You didn't run nearly enough tests to determine anything. Repeating your test a bunch of times, I got values ranging from 0.31 to 0.54 for the same test, which is a huge variation.
So, I ran your test with 10x
the number, and repeat=10
, using a bunch of different Python2 and Python3 installs. Throwing away the top and bottom results, averaging the other 8, and dividing by 10 (to get a number equivalent to your tests), here's what I saw:
1. 0.52/0.53 Lion 2.6
2. 0.49/0.50 Lion 2.7
3. 0.48/0.48 MacPorts 2.7
4. 0.39/0.49 MacPorts 3.2
5. 0.39/0.48 HomeBrew 3.2
So, it looks like 3.2 is actually slightly faster with [99]

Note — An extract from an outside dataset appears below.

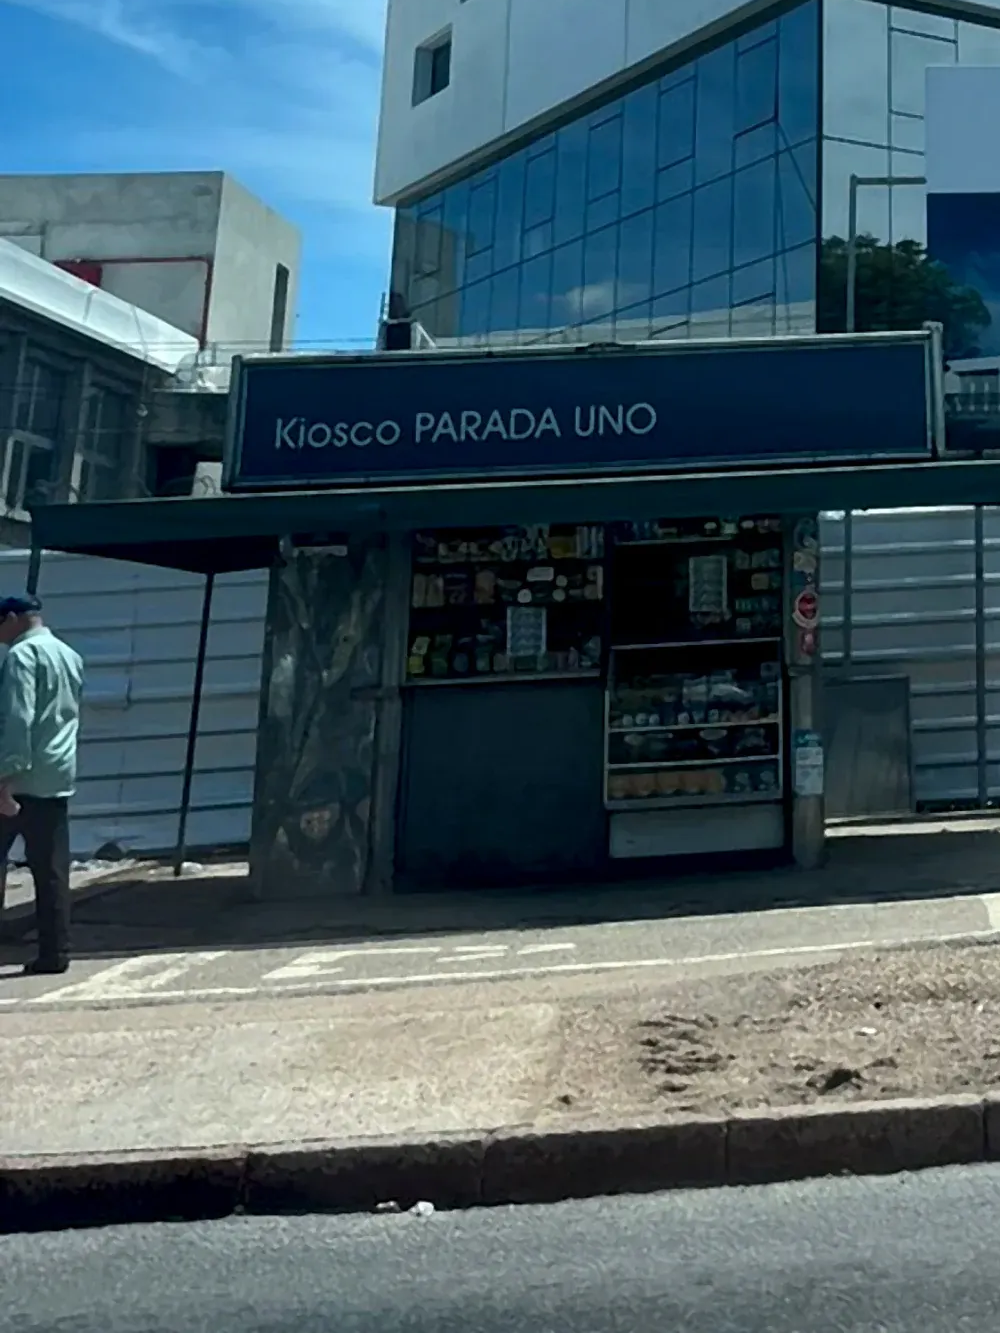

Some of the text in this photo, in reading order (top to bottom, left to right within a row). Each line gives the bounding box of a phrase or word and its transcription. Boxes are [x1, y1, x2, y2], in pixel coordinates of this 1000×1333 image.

[275, 402, 657, 449] Kiosco PARADA UNO

, and about the same speed with [-1]
.
However, on a 10.5 machine, I got these results:
1. 0.98/1.02 MacPorts 2.6
2. 1.47/1.59 MacPorts 3.2
Back on the original (Lion) machine, I ran in 32-bit mode, and got this:
1. 0.50/0.48 Homebrew 2.7
2. 0.75/0.82 Homebrew 3.2
So, it seems like 32-bitness is what matters, and not Leopard vs. Lion, gcc 4.0 vs. gcc 4.2 or clang, hardware differences, etc. It would help to test 64-bit builds under Leopard, with different compilers, etc., but unfortunately my Leopard box is a first-gen Intel Mini (with a 32-bit Core Solo CPU), so I can't do that test.

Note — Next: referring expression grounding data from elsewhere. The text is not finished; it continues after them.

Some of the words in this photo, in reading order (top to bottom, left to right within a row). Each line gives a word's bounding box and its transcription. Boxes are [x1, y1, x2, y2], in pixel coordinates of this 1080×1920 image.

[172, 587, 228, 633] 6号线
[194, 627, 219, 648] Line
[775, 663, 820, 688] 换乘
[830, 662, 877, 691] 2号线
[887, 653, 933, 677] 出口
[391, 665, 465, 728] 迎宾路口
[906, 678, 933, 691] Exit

As further circumstantial evidence, I ran a whole slew of other quick tests on the Lion box, and it looks like 32-bit 3.2 is ~50% slower than 2.x, while 64-bit 3.2 is maybe a little faster than 2.x. But if we really want to back that up, someone needs to pick and run a real benchmark suite.

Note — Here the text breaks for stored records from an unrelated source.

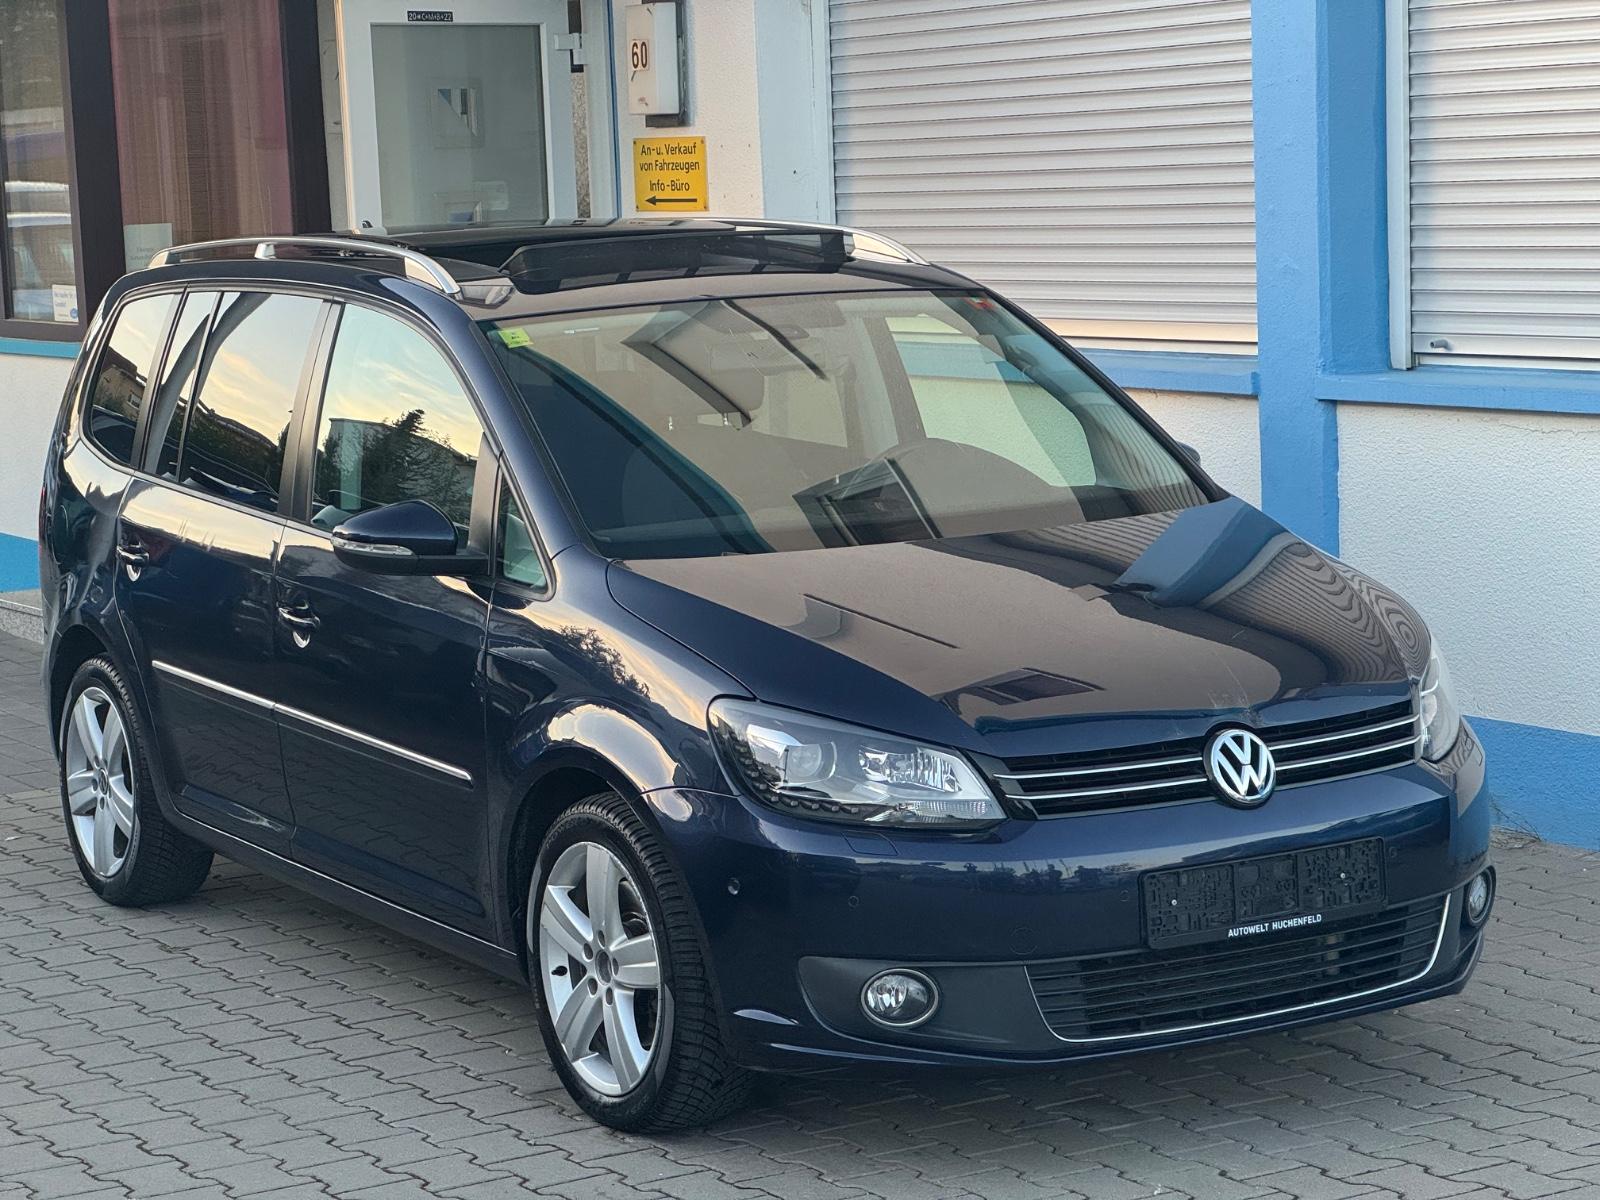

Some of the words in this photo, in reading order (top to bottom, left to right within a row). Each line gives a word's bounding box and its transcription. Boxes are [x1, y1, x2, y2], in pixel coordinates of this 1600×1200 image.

[632, 41, 648, 68] 60
[664, 142, 697, 155] Verkauf
[639, 162, 654, 171] von
[655, 159, 700, 173] Fahrzeugen
[1209, 728, 1276, 803] VW
[1227, 923, 1269, 937] AUTOWELT
[1272, 914, 1322, 929] HUCHENFELD

Anyway, my best guess at this point is that when optimizing the 3.x branch, nobody put much effort into 32-bit i386 Mac builds. Which is actually a reasonable choice for them to have made.
Or, alternatively, they didn't even put much effort into 32-bit i386 period. That possibility might explain why the OP saw 2.x and 3.2 giving similar results on a linux box, while Otto Allmendinger saw 3.2 being similarly slower to 2.6 on a linux box. But since neither of them mentioned whether they were running 32-bit or 64-bit linux, it's hard to know whether that's relevant.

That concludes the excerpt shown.